* DATA SHOWN *
[Start of section]

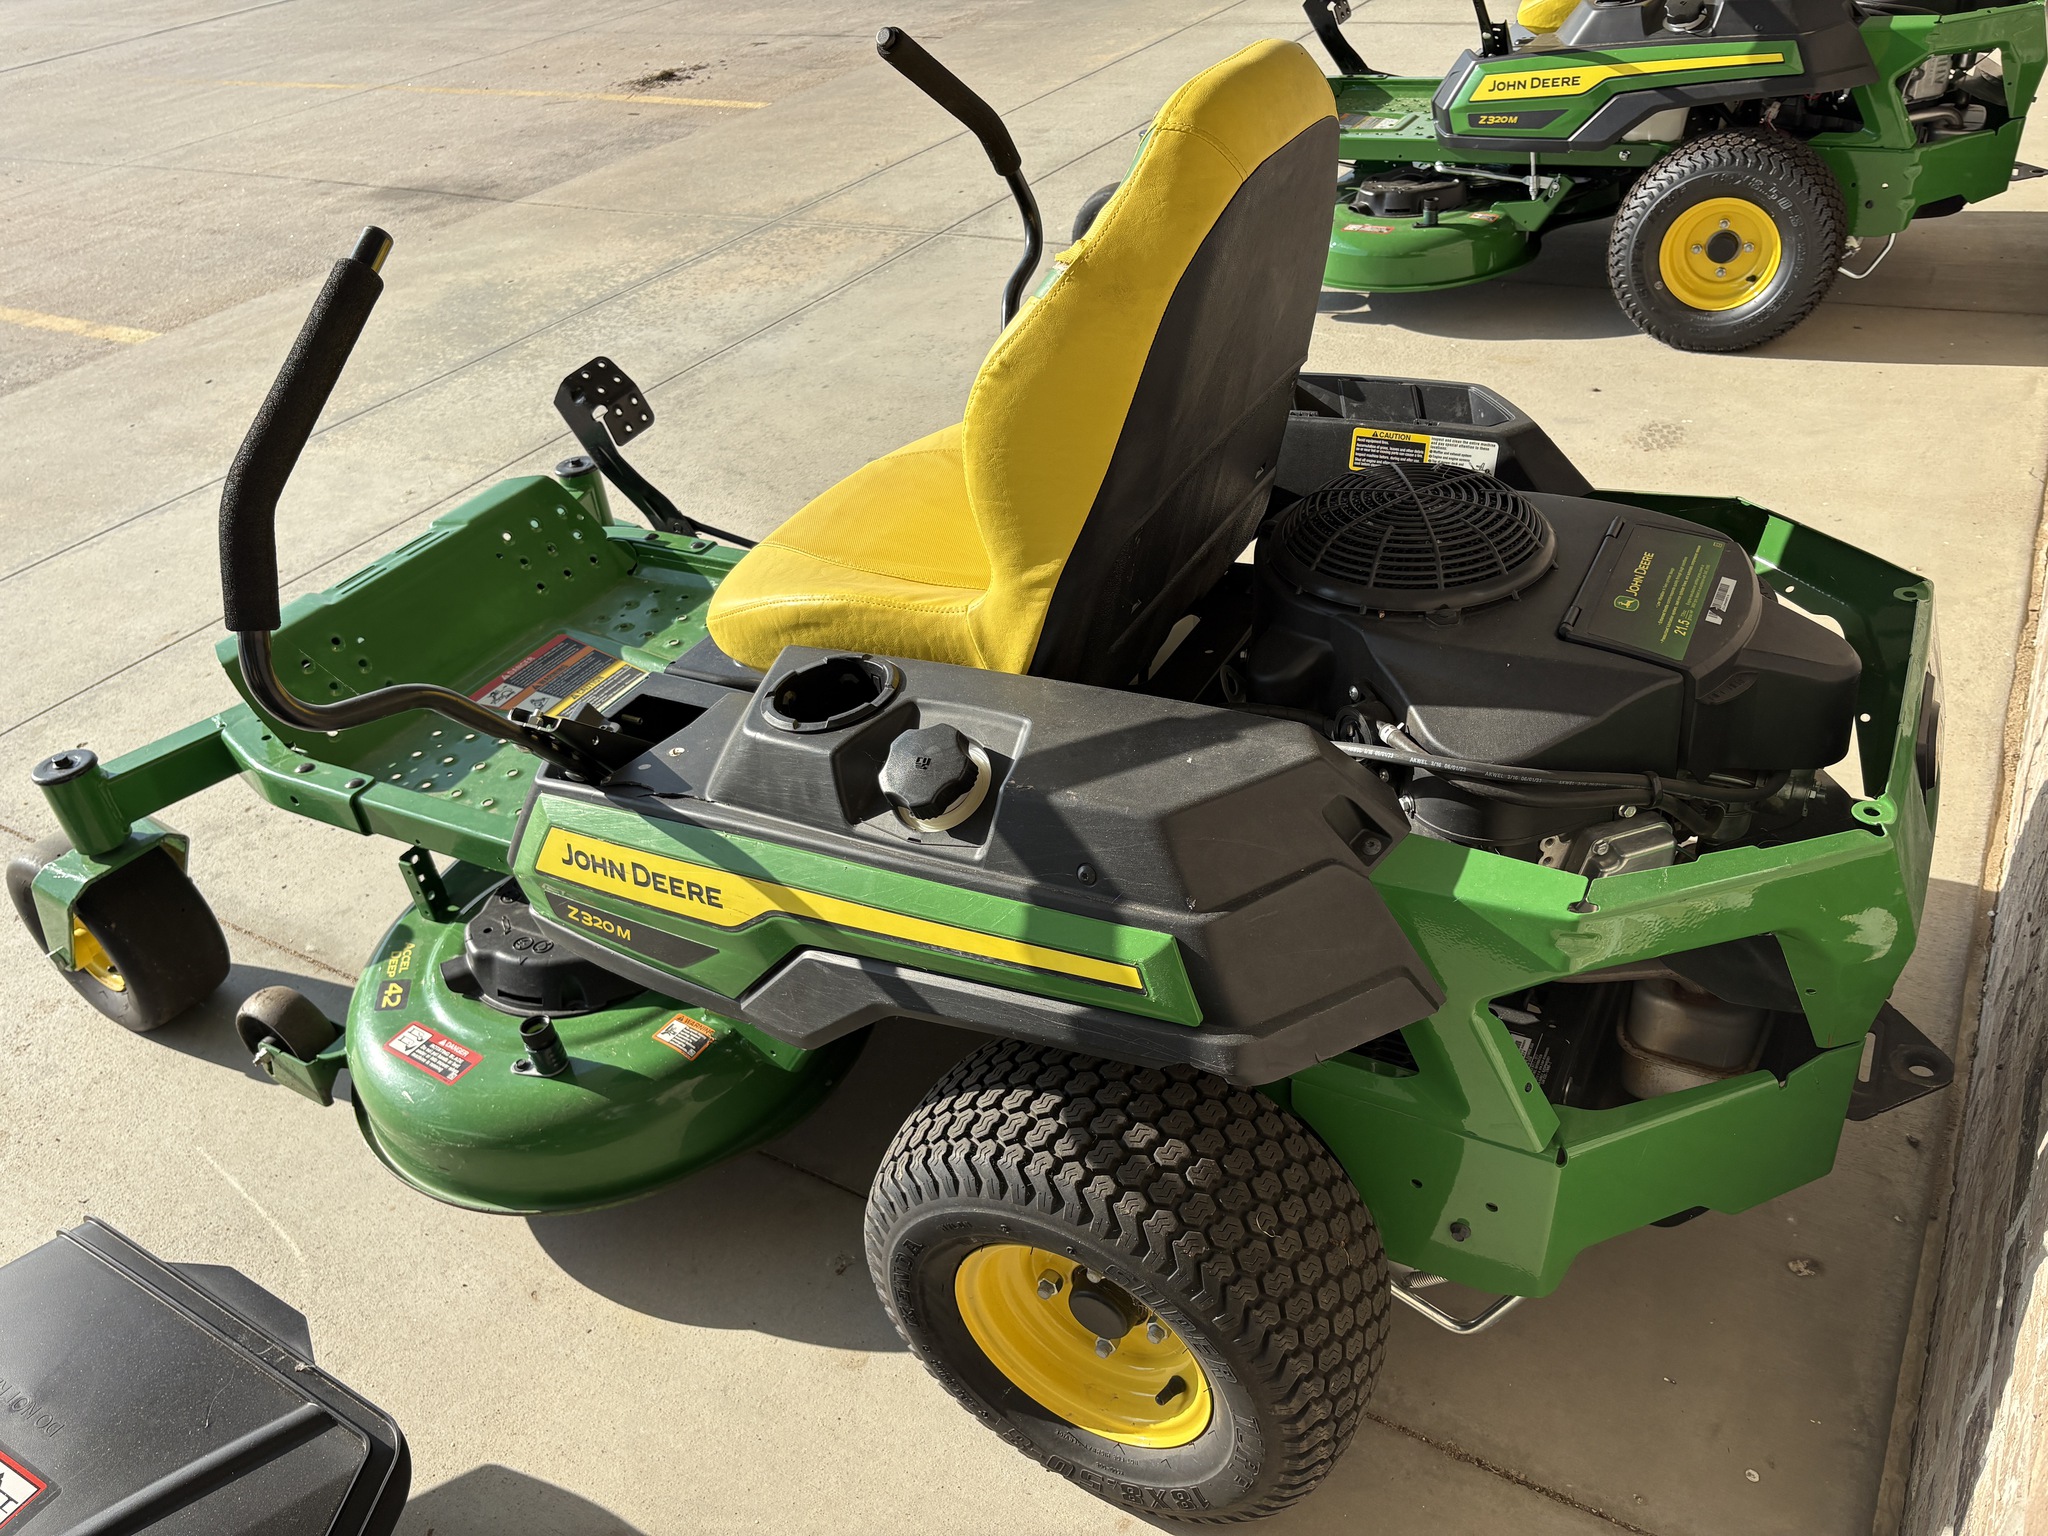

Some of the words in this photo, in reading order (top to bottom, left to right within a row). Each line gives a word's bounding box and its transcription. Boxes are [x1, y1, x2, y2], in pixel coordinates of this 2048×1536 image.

[1488, 79, 1527, 92] JOHN
[1530, 76, 1580, 89] DEERE
[1478, 115, 1518, 125] Z320M
[1379, 432, 1411, 440] CAUTION
[1634, 551, 1655, 576] DEERE
[1626, 571, 1643, 596] JOHN
[1674, 619, 1690, 636] 21.5
[562, 844, 626, 882] JOHN
[631, 862, 723, 909] DEERE
[567, 905, 631, 941] Z320M
[387, 951, 398, 978] DEEP
[399, 942, 415, 974] ACCEL
[382, 983, 403, 1008] 42
[445, 1041, 470, 1057] DANGER
[893, 1239, 926, 1327] KENDA
[1103, 1266, 1238, 1385] SUPER
[34, 1414, 66, 1438] DO
[1229, 1409, 1266, 1493] TURF

[End of section]

* TASK INSTRUCTIONS *
Leave out the images and transcribe all the records exactly.

* SOLUTION FOR THIS EXERCISE *
Some of the words in this photo, in reading order (top to bottom, left to right within a row). Each line gives a word's bounding box and its transcription. Boxes are [x1, y1, x2, y2], in pixel coordinates of this 2048×1536 image.

[1488, 79, 1527, 92] JOHN
[1530, 76, 1580, 89] DEERE
[1478, 115, 1518, 125] Z320M
[1379, 432, 1411, 440] CAUTION
[1634, 551, 1655, 576] DEERE
[1626, 571, 1643, 596] JOHN
[1674, 619, 1690, 636] 21.5
[562, 844, 626, 882] JOHN
[631, 862, 723, 909] DEERE
[567, 905, 631, 941] Z320M
[387, 951, 398, 978] DEEP
[399, 942, 415, 974] ACCEL
[382, 983, 403, 1008] 42
[445, 1041, 470, 1057] DANGER
[893, 1239, 926, 1327] KENDA
[1103, 1266, 1238, 1385] SUPER
[34, 1414, 66, 1438] DO
[1229, 1409, 1266, 1493] TURF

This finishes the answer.